WHAT THE TASK ASKS —
Go through the data below and repeat it exactly, skipping each picture.

╭─ PROVIDED INFORMATION

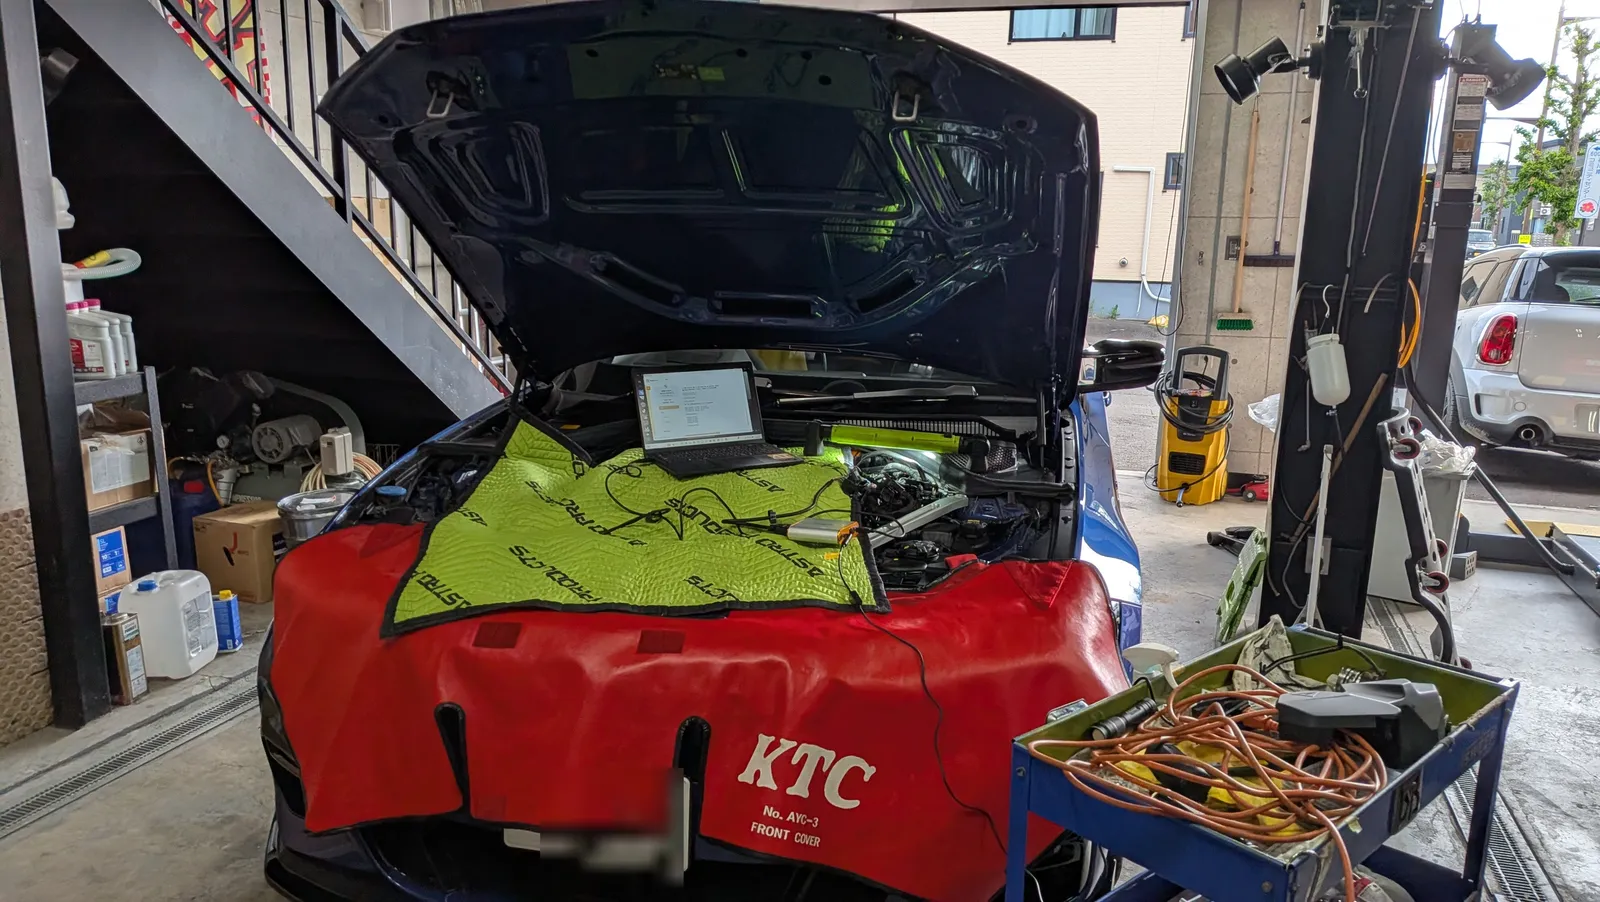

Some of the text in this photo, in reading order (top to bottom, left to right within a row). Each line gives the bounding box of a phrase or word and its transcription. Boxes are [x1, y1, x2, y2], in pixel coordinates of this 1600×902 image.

[755, 538, 824, 577] ASTRO
[737, 733, 877, 809] KTC
[763, 805, 819, 828] No. AYC-3
[750, 821, 821, 847] FRONT COVER
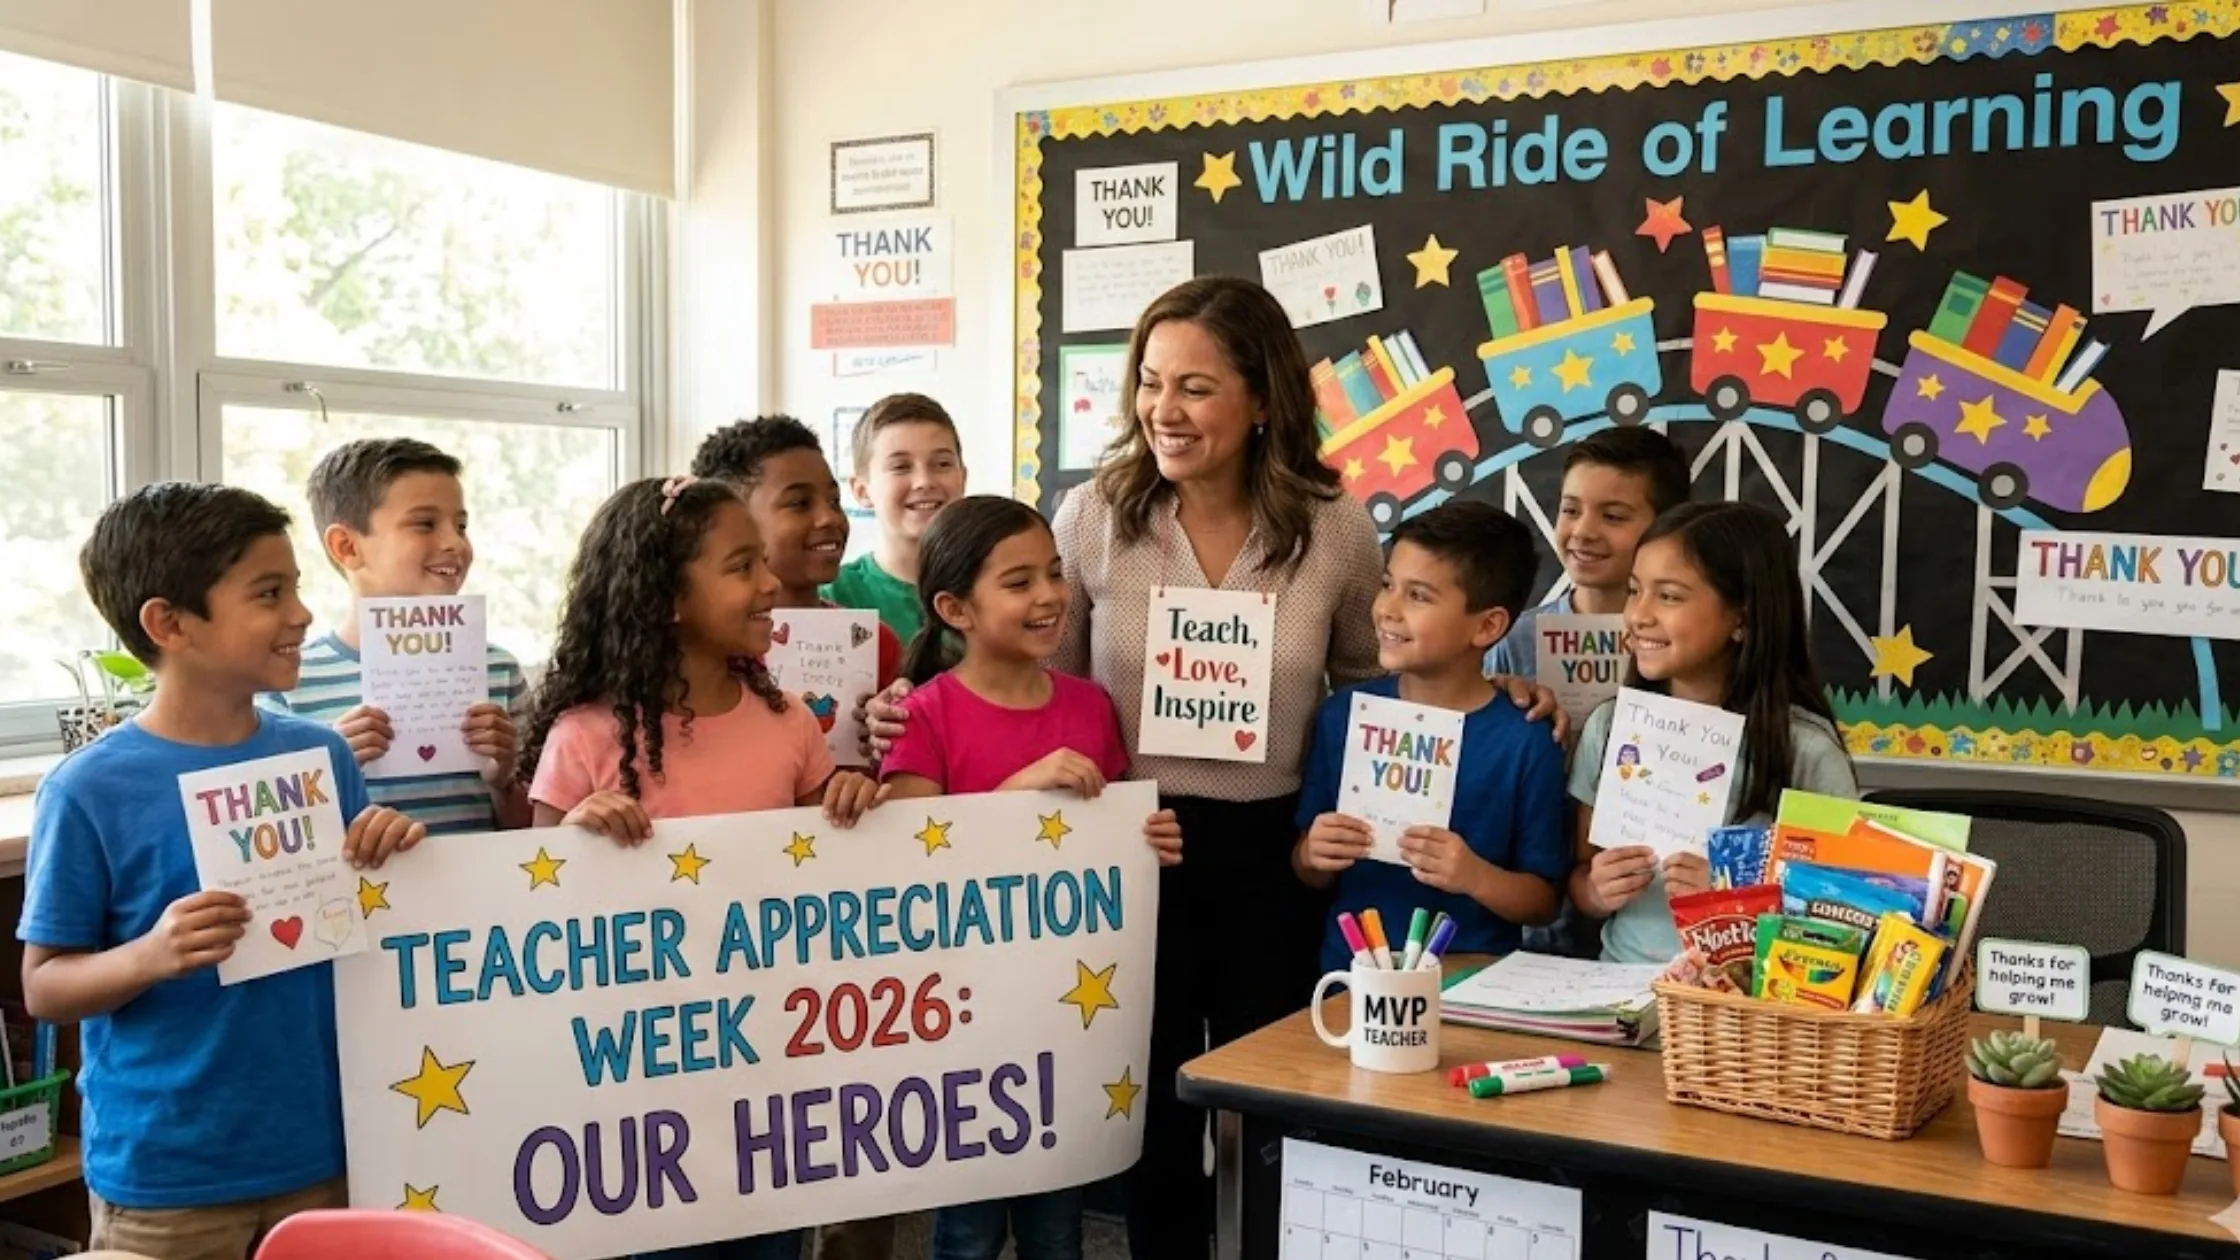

╰─

ANSWER SECTION —
Some of the text in this photo, in reading order (top to bottom, left to right within a row). Each line gives the bounding box of a phrase or word and its transcription. Boxes are [x1, y1, x2, y2], in pixel coordinates of this 1600×902 image.

[755, 538, 824, 577] ASTRO
[737, 733, 877, 809] KTC
[763, 805, 819, 828] No. AYC-3
[750, 821, 821, 847] FRONT COVER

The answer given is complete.